While detained at Guantanamo in 2003, Qosi was asked why he stayed true to bin Laden for so many years. According to JTF-GTMO, Qosi explained it was his “religious duty to defend Islam and fulfill the obligation of jihad and that the war between America and al Qaeda is a war between Islam and aggression of the infidels.”

Qosi made it clear in AQAP’s new production that he hasn’t changed his opinion in the twelve years since.

Meanwhile, directly after the Paris attacks attack, Obama snuck out several Gitmo detainees.

Five Yemeni detainees moved from Guantanamo Bay to United Arab Emirates hours after Paris attacks

Hours after a crew of suicide bombers ravaged Paris on Friday, the U.S. Defense Department quietly transported five Yemeni detainees who have kept in Cuba’s Guantanamo Bay for nearly 14 years to the United Arab Emirates.

The Pentagon waited until Sunday to reveal it released five inmates from Yemen, the military prison camp’s third-most populous nationality.

The five inmates, Ali Ahmad Muhammad al-Razihi, Khalid Abd-al-Jabbar Muhammad Uthman al-Qadasi, Adil Said al-Hajj Ubayd al-Busays, Sulayman Awad Bin Uqayl al-Nahdi and Fahmi Salem Said al-Asani, were never charged with a crime during their imprisonment.

Secretary of Defense Ashton Carter reportedly informed Congress of the transfer more than a month ago, the Miami Herald reported.

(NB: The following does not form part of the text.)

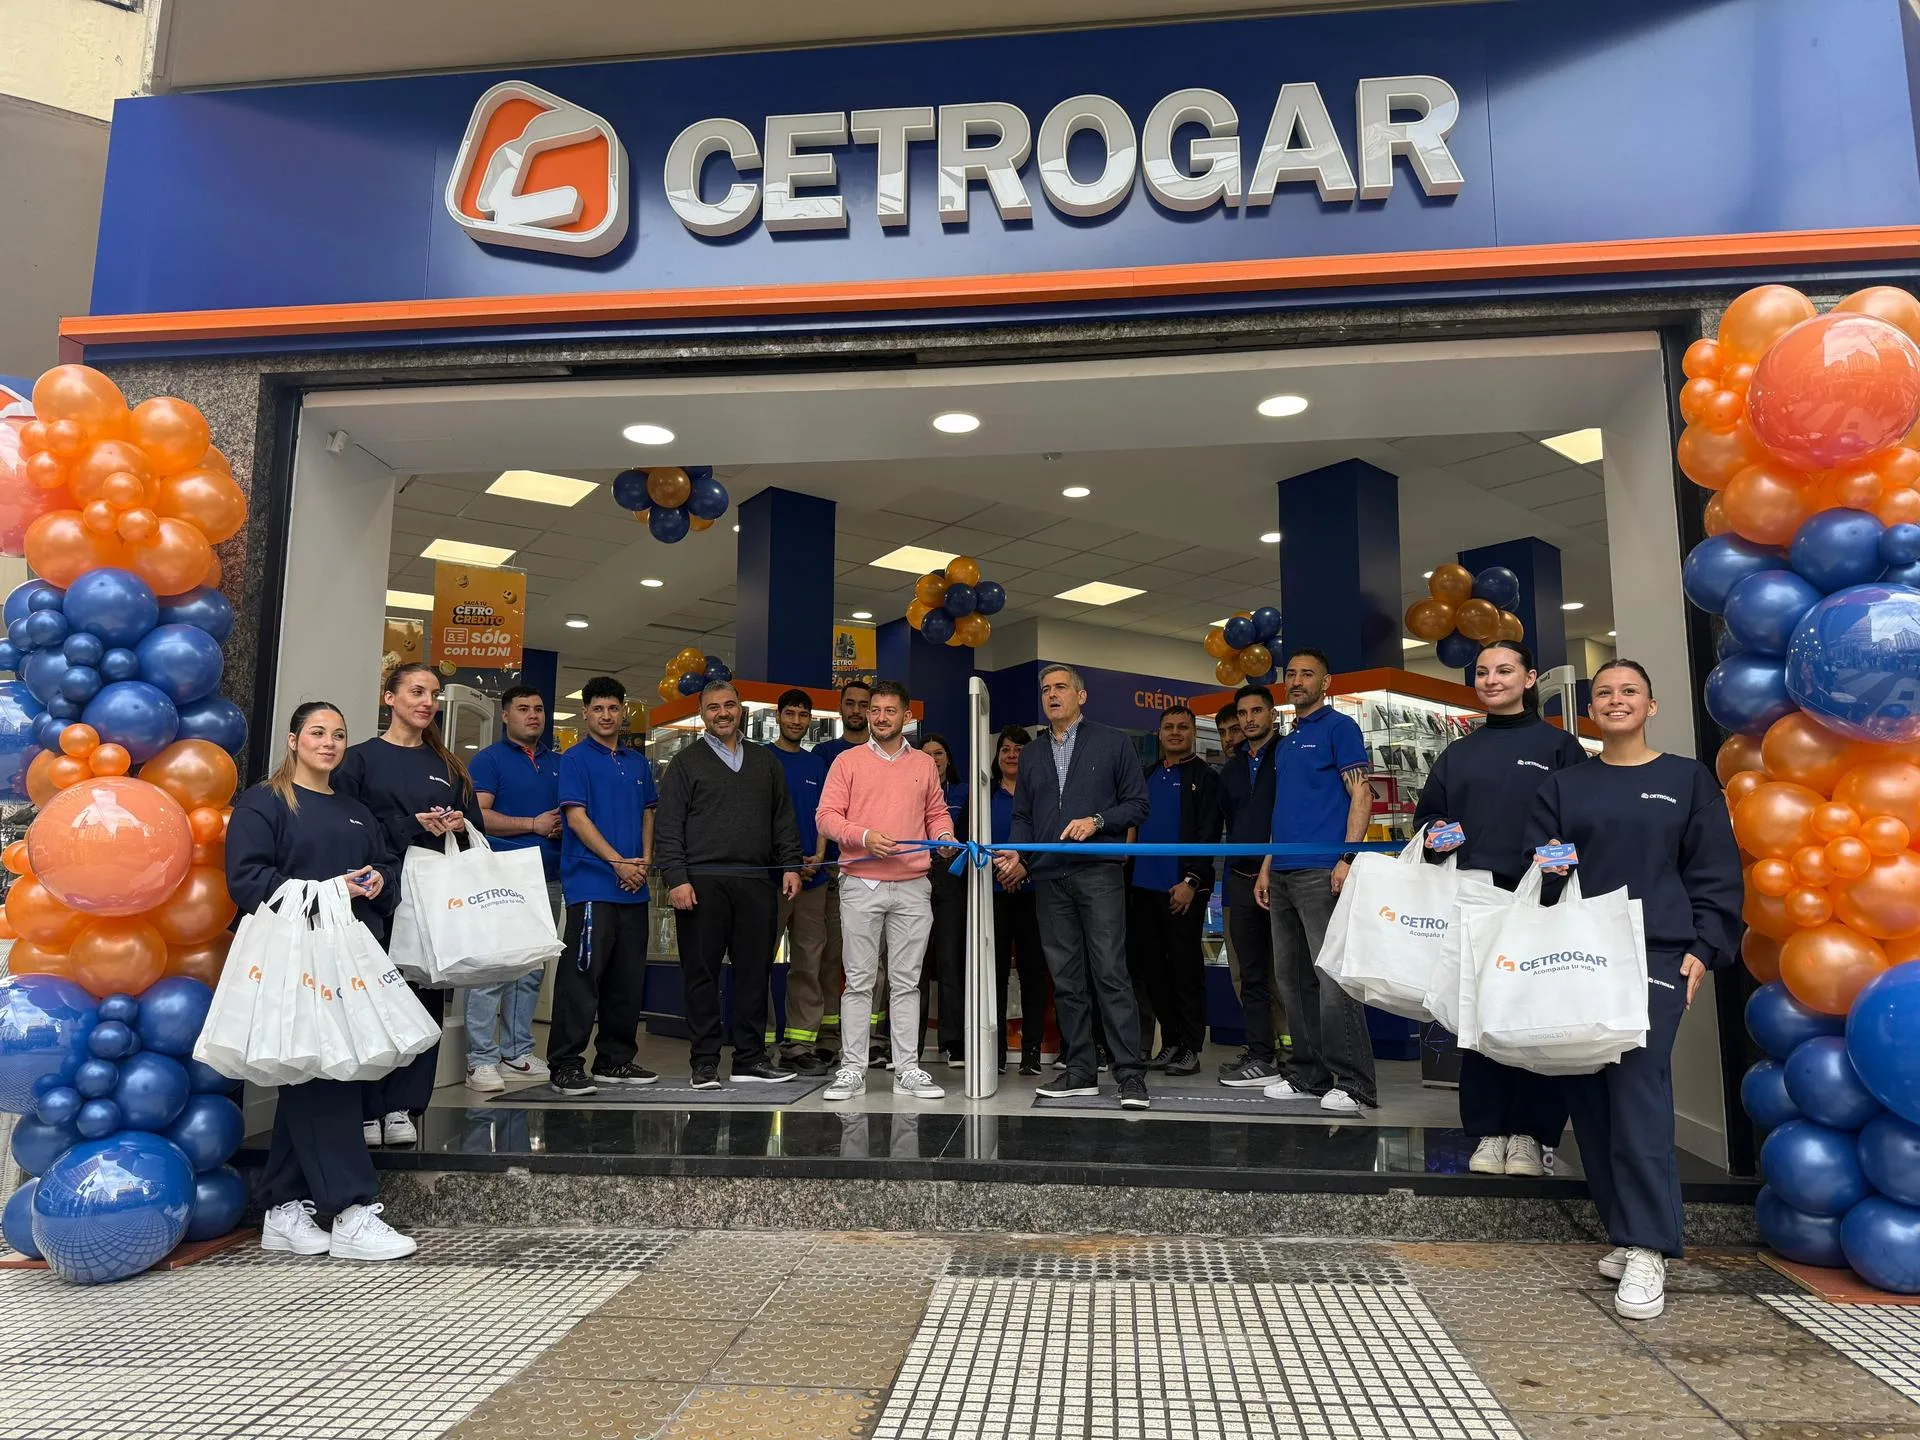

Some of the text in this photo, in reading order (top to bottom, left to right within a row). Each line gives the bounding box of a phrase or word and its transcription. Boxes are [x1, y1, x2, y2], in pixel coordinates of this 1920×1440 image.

It’s unclear if the move was related to Friday’s terrorist attacks in France.

The Emirates is one of nearly two dozen nations that have pitched in to resettle Guantanamo detainees since President Obama pledge to close the naval base in 2009 — though 107 inmates remain behind bars six years after his executive action.

Obama has made no indication he’ll veto a defense policy bill banning Guantanamo detainees from being transferred to the United States despite the Pentagon preliminary assessment picking prisons in Colorado, Kansas and South Carolina to house detainees domestically.

The release was a longtime coming for three of the inmates freed Sunday. Al-Busays, al-Qadasi and al-Nahdi were approved for release during former President George W. Bush’s administration.

Al-Razihi faced the possibility of lifetime imprisonment after being captured among a group of 30 militants, according to documents obtained by Wikileaks detailing the intelligence value and security threat of detainees. He was initially suspected of not only having a role in 9/11, but being a bodyguard for Osama bin Laden.

He was never charged and the Guantanamo Review Task Force approved his release in 2014, the Herald reported.

The same task force approved al-Asani’s release in 2010.